Inbred 129S6/SvEv IL10−/− mice (originally obtained from DNAX laboratories, Palo Alto, CA) and wild-type 129S6/SvEv mice (Taconic Laboratories, Germantown, NY); sterilely derived by hysterectomy at the Gnotobiotic Laboratory, University of Wisconsin, Madison were maintained in germ free conditions at the National Gnotobiotic Rodent Resource Center at the University of North Carolina, Chapel Hill. Four weeks after colonization with fecal slurries from SPF WT 129S6/SvEv mice, a time-point corresponding to the onset of severe colitis as described previously 14, 4 mice/group underwent necropsy. Tissue for frozen sections was obtained from additional animals. For time course experiments, germ-free mice and ex-germ-free mice colonized with SPF bacteria for three and fourteen days were also used. For DSS experiments, adult C57/Bl6 mice were given 4% DSS (w/v) (MW 44,000, TDB Consultancy AB, Uppsala, Sweden) in drinking water for eight days. Mice were weighed daily and drinking water was refreshed every 2–3 days. Some animals were given regular drinking water for three days after DSS treatment. Animal-use protocols were approved by the University of North Carolina at Chapel Hill Institutional Animal Care and Use Committees.
Intestinal tissue was harvested, fixed for 24 hours in 10% neutral-buffered formalin, embedded in paraffin, sectioned and stained with hematoxylin and eosin. Blinded histological scoring of inflammation was performed using a validated scale (0–4) as described 14,22. Histological scoring of specimens from DSS treated animals was based on a composite score that included: degree lamina propria mononuclear cell infiltration (0–4), prevalence of crypt abscesses (0–4), and degree of epithelial cell loss (0–4). Sections of mid-colon were harvested, processed, and explants were cultured for 24 hrs. without stimulation 23,24. Supernatants from explant cultures were analyzed in duplicate for IL-12/23p40 using a validated ELISA technique 14.
Freshly-harvested duodenum, mesenteric lymph nodes, cecum, and segments of ascending, transverse, and descending colon were placed immediately in Trizol Reagent (Invitrogen, Carlsbad, CA) and snap-frozen in liquid nitrogen. RNA was isolated per the manufacturer’s instructions.

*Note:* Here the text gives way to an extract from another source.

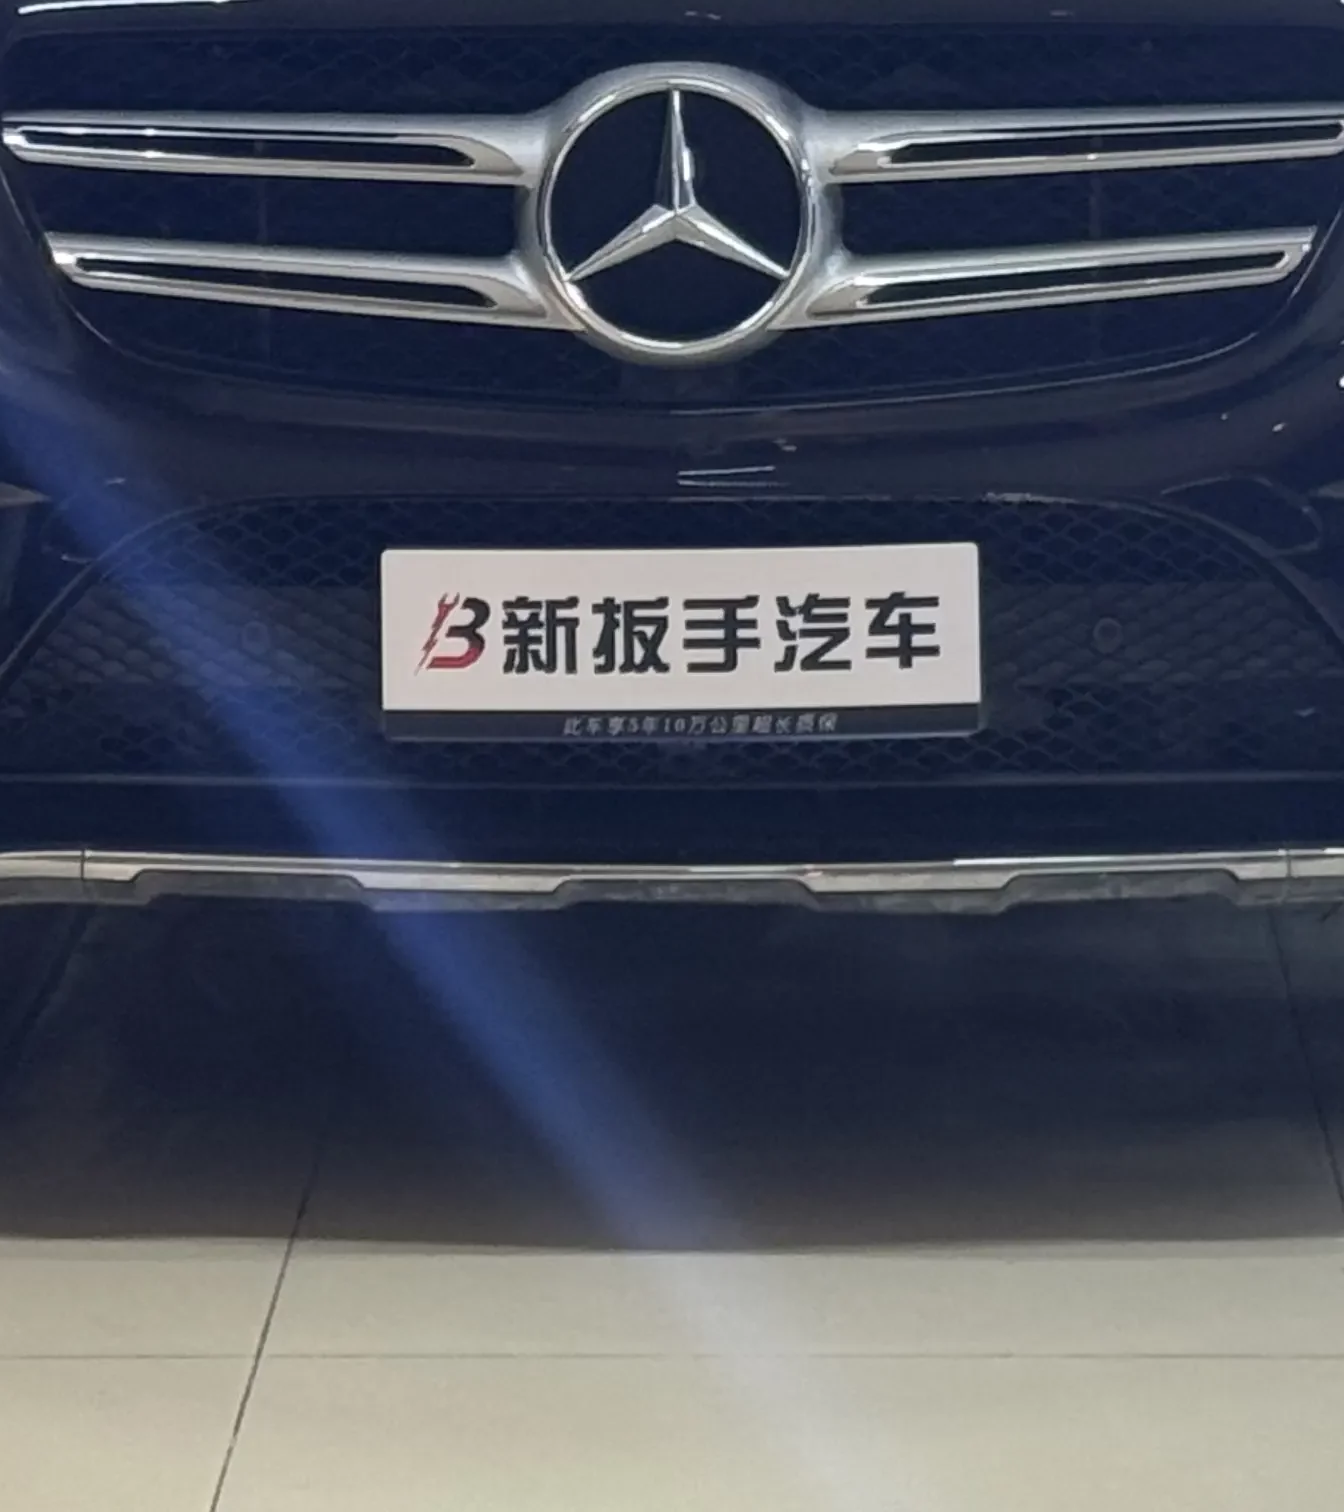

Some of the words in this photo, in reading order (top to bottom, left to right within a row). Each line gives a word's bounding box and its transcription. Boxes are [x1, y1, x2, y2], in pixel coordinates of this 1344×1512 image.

[501, 591, 941, 674] 新扳手汽车
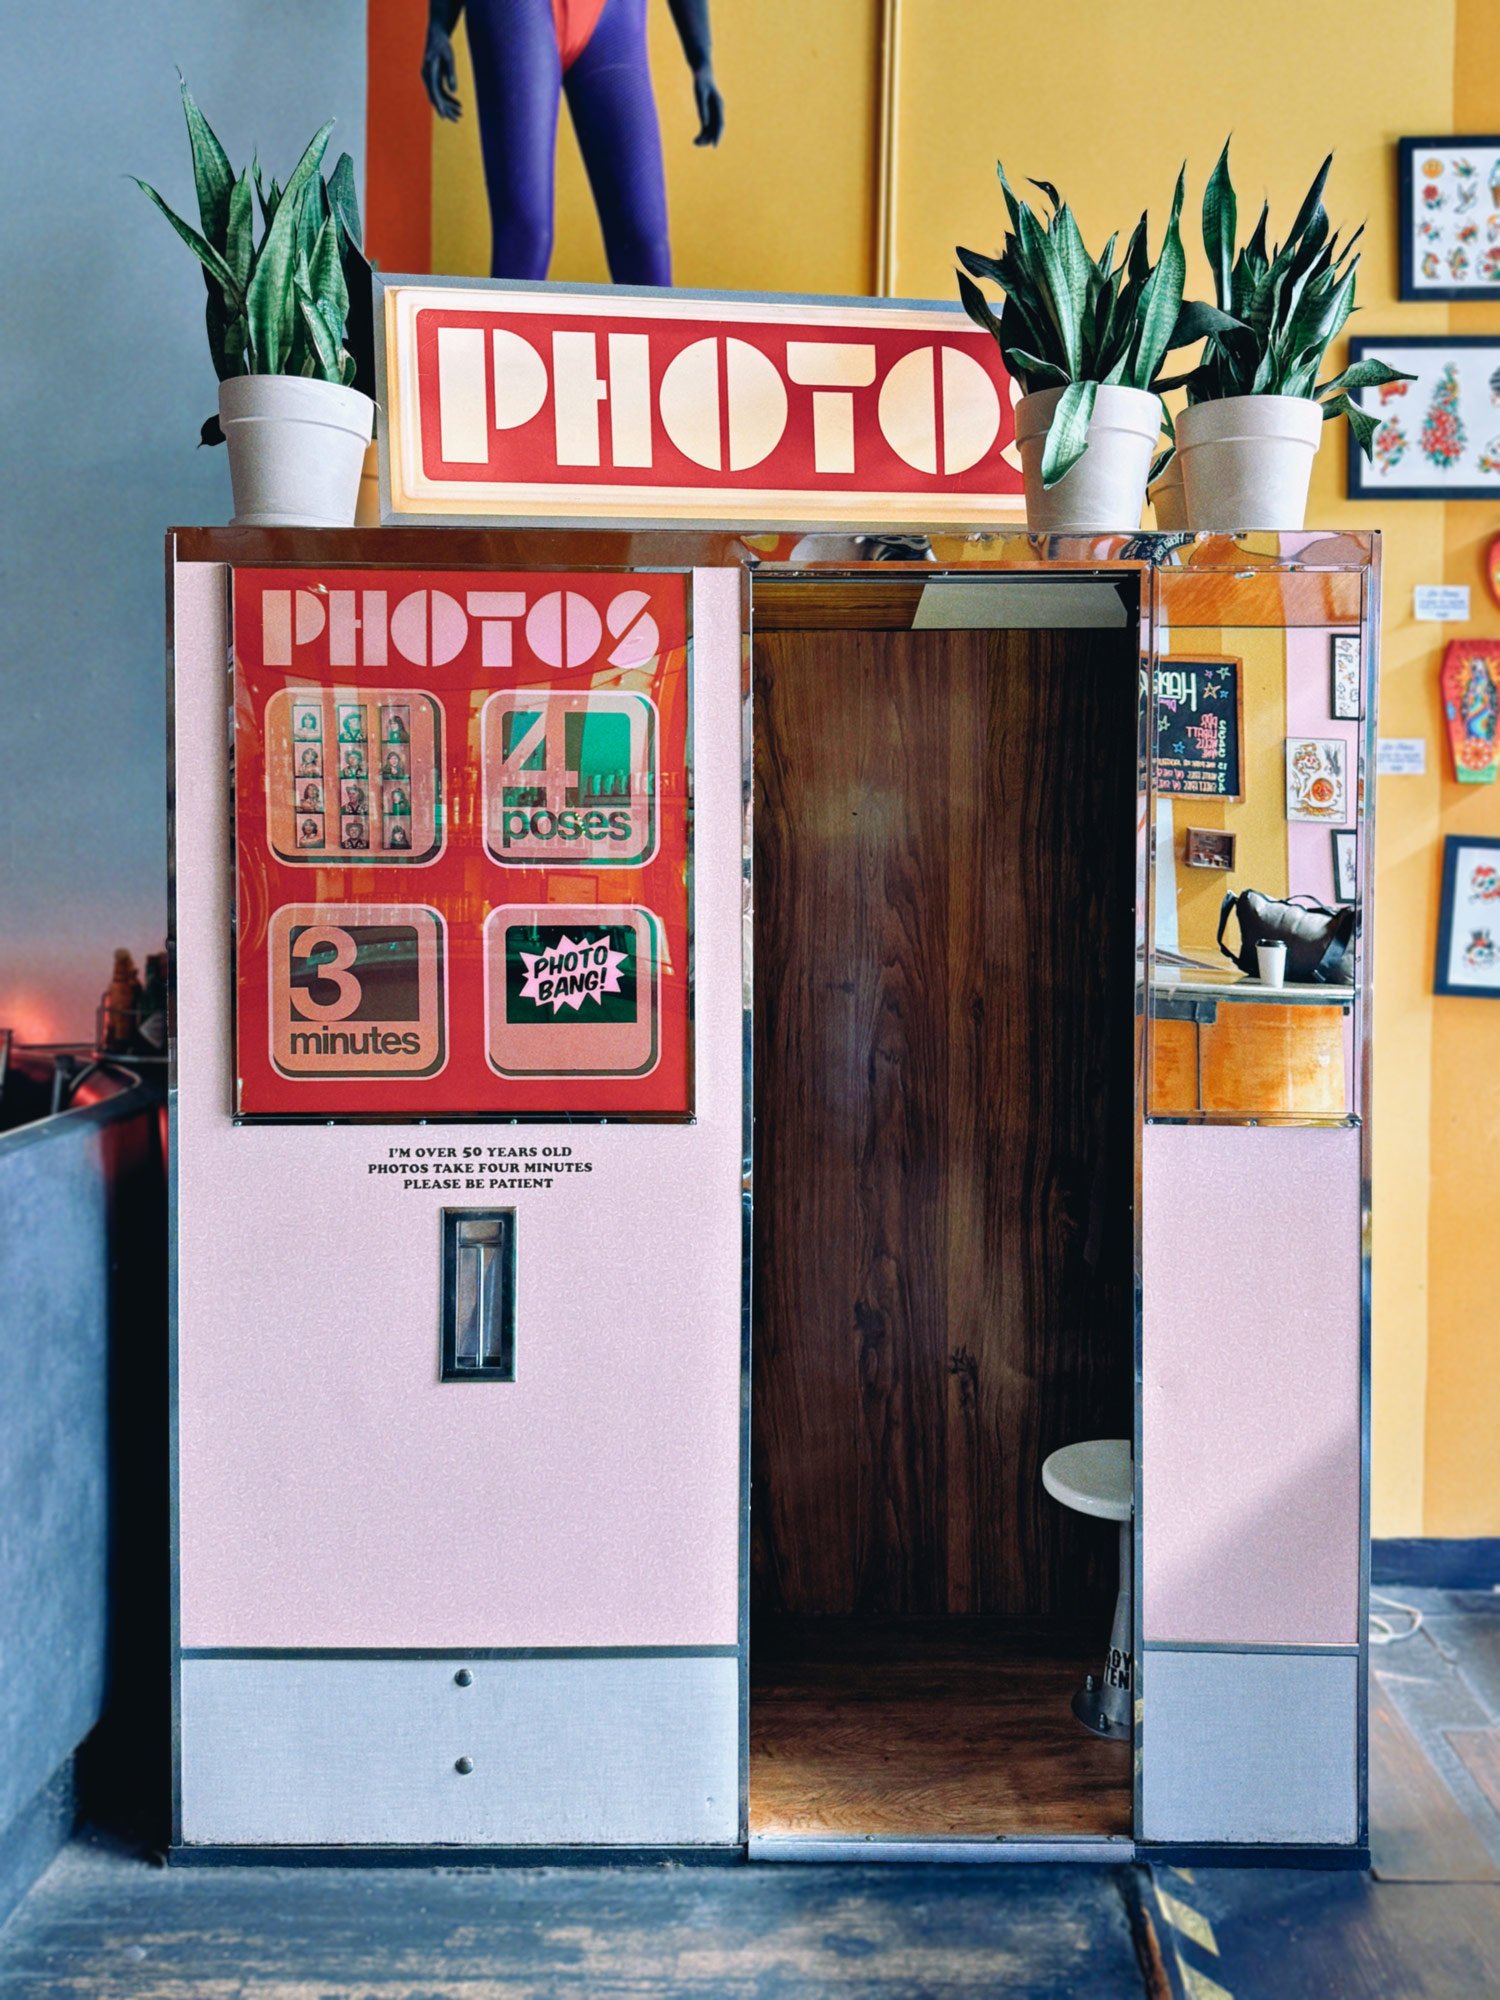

Total RNA from ceca of 4 mice/group was submitted to the Duke University Microarray Core Facility (Durham, NC) for microarray analysis using the Operon Mouse Oligo Set, Version 3.0, representing approximately 30,000 murine genes. In brief, cDNA was synthesized from 10 μg of total RNA or universal mouse reference RNA (Stratagene, La Jolla, CA) and labeled with Cy5-dCTP at 42°C for 2 hrs using oligo-dT primers and Superscript III reverse transcriptase (Invitrogen, Carlsbad, CA). After hydrolysis of the RNA, the cDNA was purified using the Qiaquick PCR purification kit (Qiagen, Valencia, CA) and then vacuum dried. Microarray slides were pre-hybridized with 5X SSC, 0.1% SDS, 0.5% BSA at 42°C for 1 hr, washed twice with deionized water, and allowed to air-dry. Labeled cDNA was resuspended in 30 μL of hybridization buffer (50% formamide, 5X SSC, and 0.1% SDS) containing 20 μg of mouse COT-1 DNA (Invitrogen, Carlsbad, CA) and poly(A)-DNA to decrease non-specific binding. The probe solution was heated at 95°C for 2 min, placed on ice for 30 sec, and then incubated on the microarray slide at 42°C for 16–20 hrs. Slides were washed successively in 1xSSC, 0.2%SDS at 42°C for 1 minute; 0.2xSSC, 0.01%SDS at room temperature for 1 minute; 0.2xSSC at room temperature for 2 minutes; 0.05xSSC at room temperature for 1 minute; and then air-dried for 2 minutes. Arrays were scanned on an Axon Genepix 4000B Scanner (Molecular Devices, Union City, CA) and pictures processed using Axon Genepix 5.1 software. Data was analyzed using GeneSpring 7.2 software (Agilent Technologies, Palo Alto, CA). Genes from IL10−/− mice with normalized and data values 5-fold above or below the values from wild-type mice were selected.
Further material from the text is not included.